Sale: 178 Date of sale: 05.09.2020 Item: 69

Reuven Rubin

Still life with Red Shoes, 1920s’,
Oil on canvas, 61X46 cm.
Signed.
The authenticity of the painting has been confirmed by Ms. Carmela Rubin, Reuven Rubin Museum, Tel-Aviv.

This is another early oil painting by Reuven from the time he had just came to Israel (1923) wishing to become naturalized in the local view. This is evidenced by more than anything by the pair of red slippers, which not only emphasize their presence in the room, but also their relative size with the rest of the connector. Maybe they represent the painter who is observing his new environment and the present absenteeism.

Indeed, the red slippers concept will repeat itself in different versions in his self and family portraits from his first decade in Israel. in all, the red slippers (Anaphylaxis is the Greek term that is also naturalized in Hebrew for soft slippers made of felt) were designed to highlight the yearning for roots and the feeling of home and identity which was a burden to that generation, the generation that had "the pain of two homelands" as the poet Leah Goldberg had referred to at that time.

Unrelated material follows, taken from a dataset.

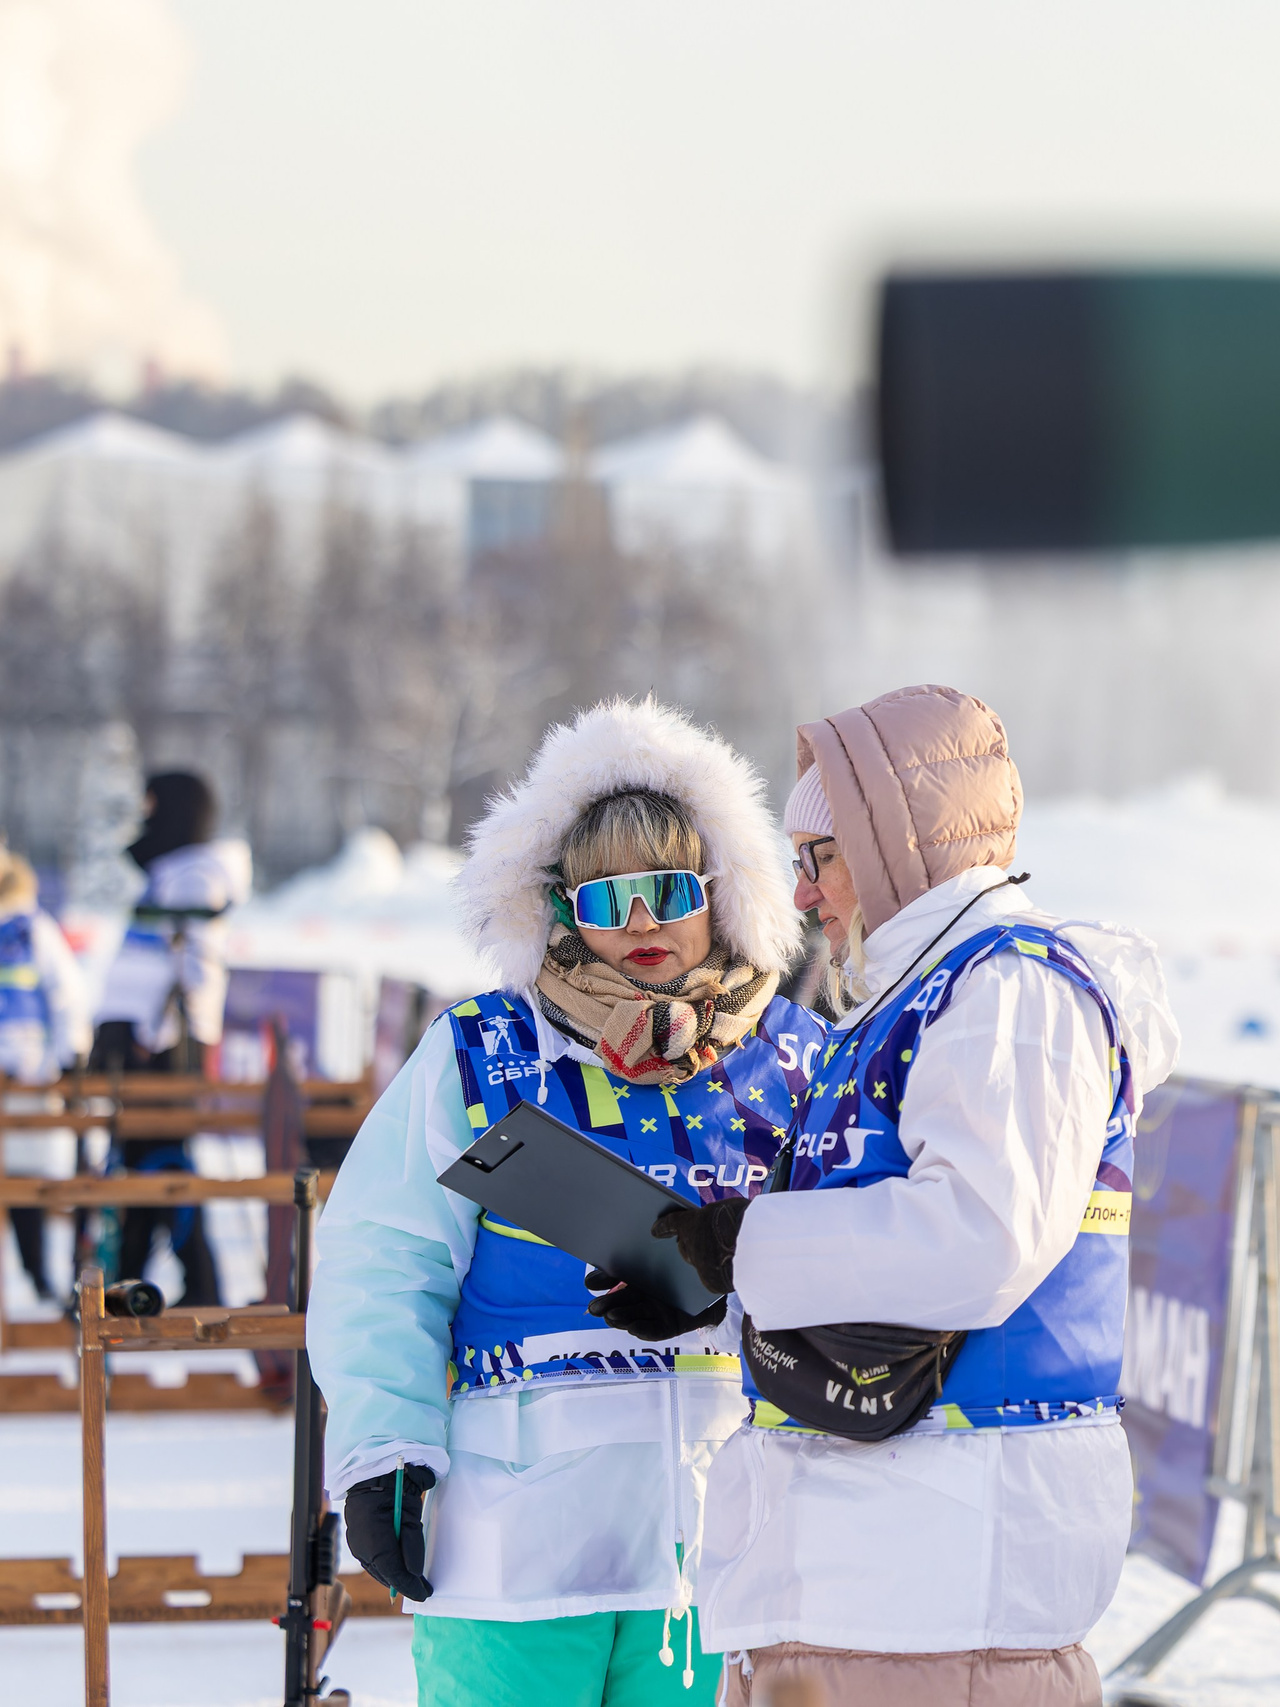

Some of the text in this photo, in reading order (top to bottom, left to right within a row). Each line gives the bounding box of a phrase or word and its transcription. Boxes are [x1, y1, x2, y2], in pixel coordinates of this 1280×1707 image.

[688, 1164, 768, 1187] CUP
[1120, 1287, 1210, 1428] МАН
[825, 1379, 895, 1416] VLNT

Reuven was enchanted by the bright Mediterranean light, by the blue skies that clouds sailed in them like fish swimming in the sea and from eastern symbols in the spirit of orientalist romance that was prevalent in Europe in the 19th century and echoed to the first half of the 20th century. So is the minaret (the muezzin mosque tower) towering over the white domes of the buildings and also the Arabian straw stool on which a glass vase with a green branch and a yellowish fruit (watermelon or melon?) Are prominently placed. All of these items, which look out through the opening to the balcony and to the landscape, testify to the wish of the new and primordial world in its simplicity (see, the implicit vegetation) typical of Reuven’s paintings of that decade.

This formal element of image within image refers also to the dialectic of the interior and exterior as part of the interference process in the New World. The "Still Life" items, the fruit and vase on the balcony (or on the windowsill in other paintings), act as intermediaries between the outside and the inside. Notice the parallel between the round shape of the fruit on the stool and the white stone domes, between the vertical of the blue vase and the protruding sky of the muezzin tower, and at least color wise, the parallel between the slippers and red shingles on the roof of the house overlooking in the distance. Reuven, connects the interior with the outside, and thus his painting expresses not only what he sees, but also his inner self in the sense of the feeling that the view evokes in him.

The duplication in the composition seems intended – even implicitly – to confirm the "artificial" and illusory nature of the work of art, which even as a reflection of realistic mirrors, such as the painters highlights, it has an independent existence and is separated from them.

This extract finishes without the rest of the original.